◆ **Task prompt**: For this exercise, return all the data word for word, with images left out.

◆ **Data excerpts**:
━━━━━━━━━━━━━━━━━━━━

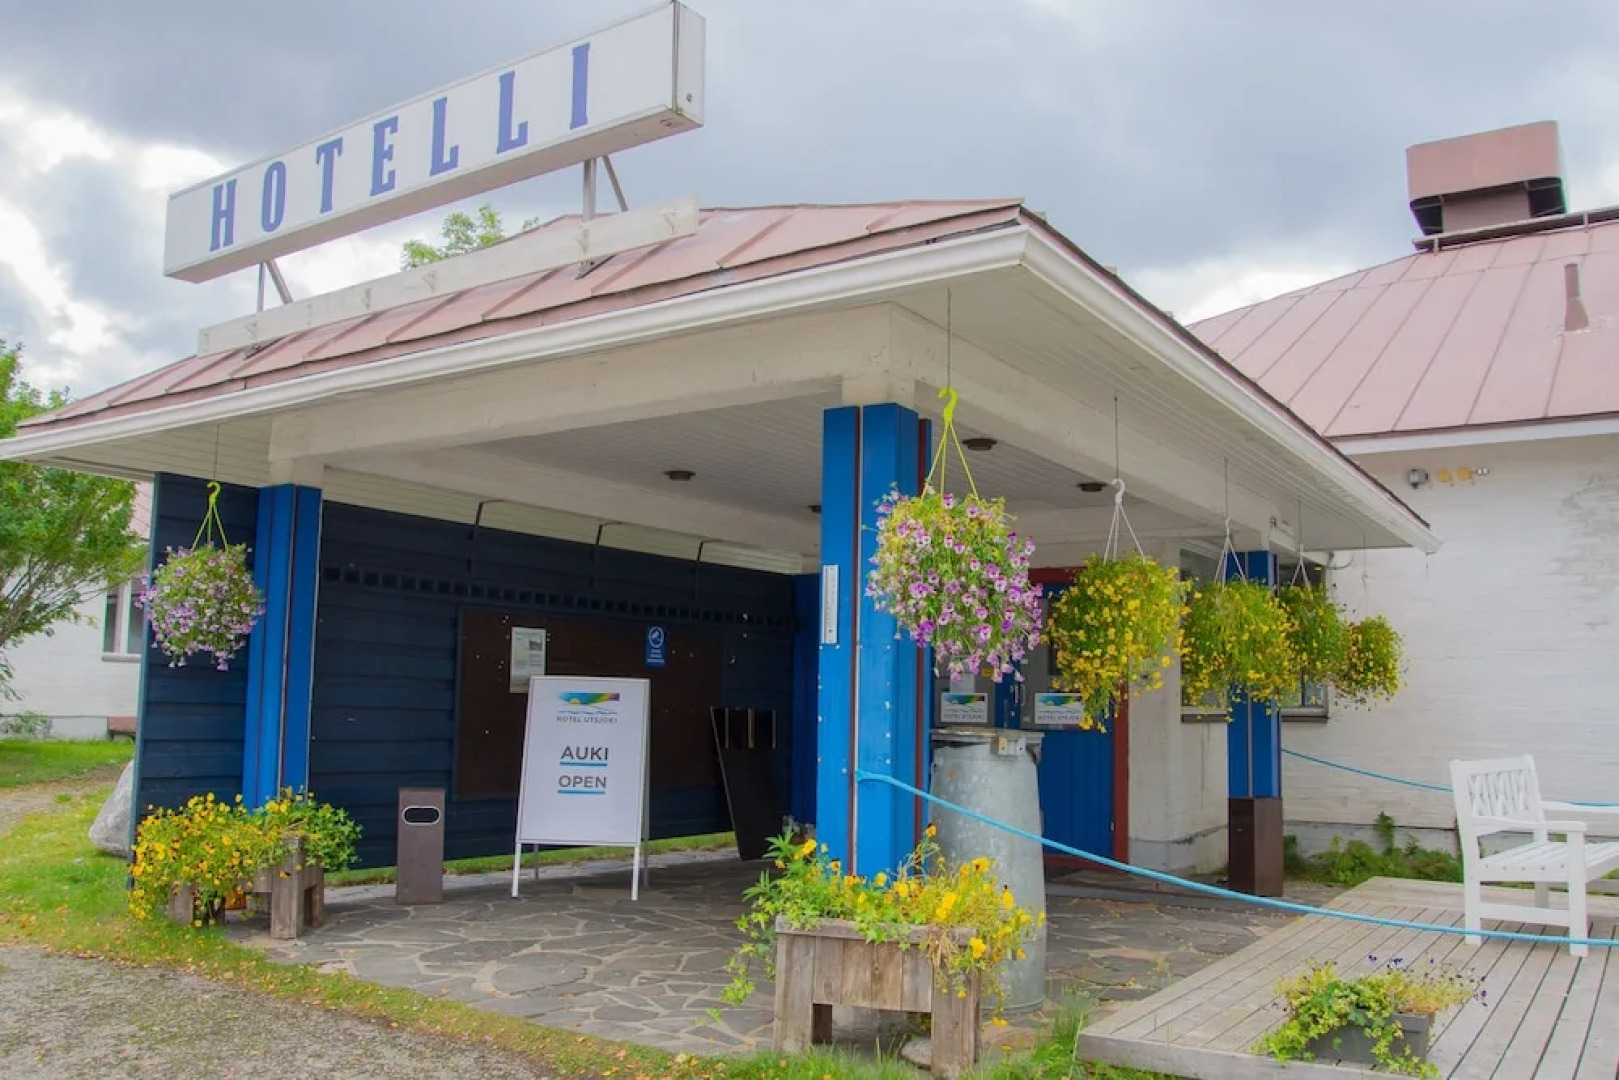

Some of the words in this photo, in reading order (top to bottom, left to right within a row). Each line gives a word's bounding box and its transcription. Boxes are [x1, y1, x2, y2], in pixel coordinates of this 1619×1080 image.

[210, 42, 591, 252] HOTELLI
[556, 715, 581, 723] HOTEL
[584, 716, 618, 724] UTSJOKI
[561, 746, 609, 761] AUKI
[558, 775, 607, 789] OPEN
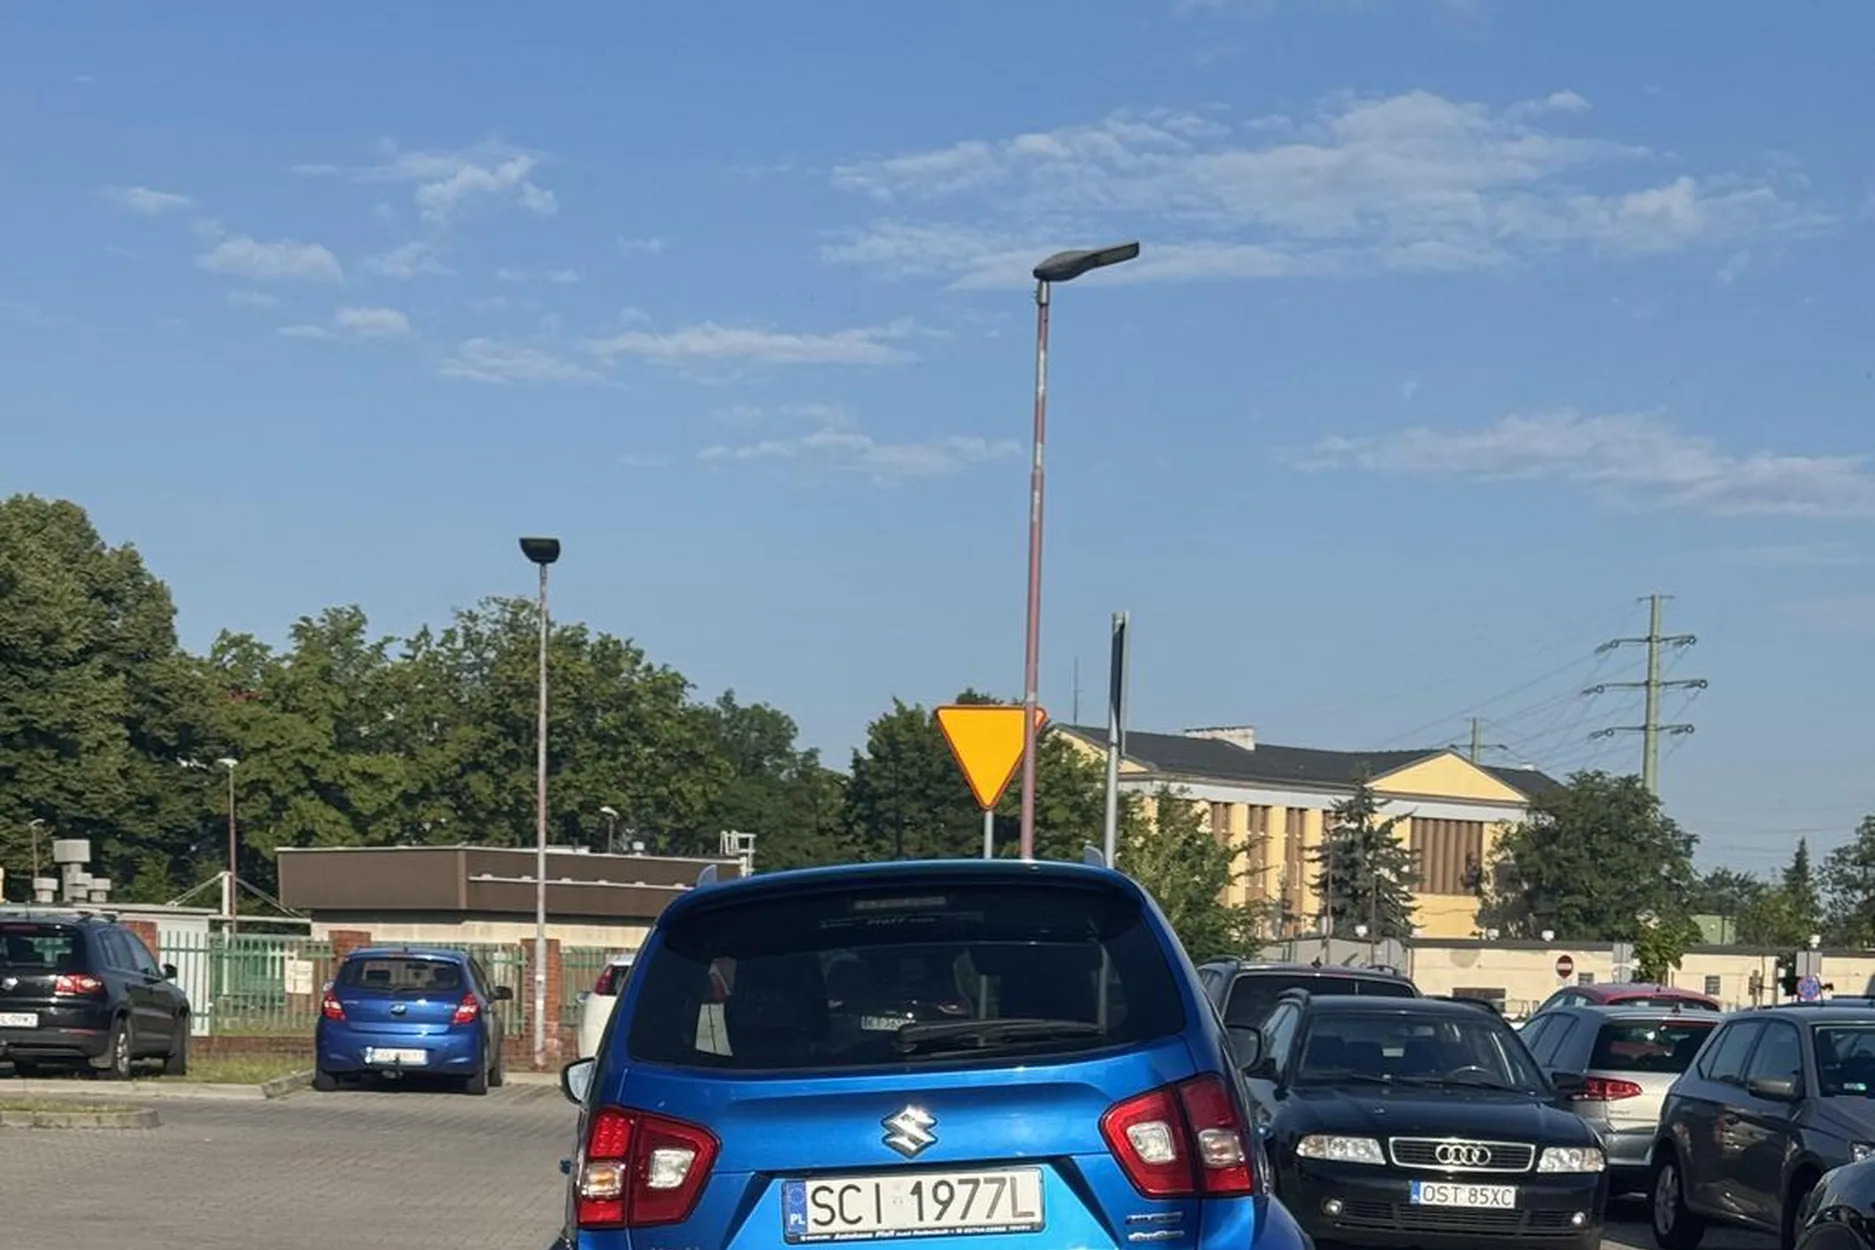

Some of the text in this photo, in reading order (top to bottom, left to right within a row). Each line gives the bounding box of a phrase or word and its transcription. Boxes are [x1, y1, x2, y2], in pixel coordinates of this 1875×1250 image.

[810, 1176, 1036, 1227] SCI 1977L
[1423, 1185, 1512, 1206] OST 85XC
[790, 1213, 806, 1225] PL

━━━━━━━━━━━━━━━━━━━━

◆ **Response area**:
Some of the words in this photo, in reading order (top to bottom, left to right within a row). Each line gives a word's bounding box and its transcription. Boxes are [x1, y1, x2, y2], in pixel coordinates of this 1619×1080 image.

[210, 42, 591, 252] HOTELLI
[556, 715, 581, 723] HOTEL
[584, 716, 618, 724] UTSJOKI
[561, 746, 609, 761] AUKI
[558, 775, 607, 789] OPEN

Some of the text in this photo, in reading order (top to bottom, left to right within a row). Each line gives the bounding box of a phrase or word and its transcription. Boxes are [x1, y1, x2, y2], in pixel coordinates of this 1875×1250 image.

[810, 1176, 1036, 1227] SCI 1977L
[1423, 1185, 1512, 1206] OST 85XC
[790, 1213, 806, 1225] PL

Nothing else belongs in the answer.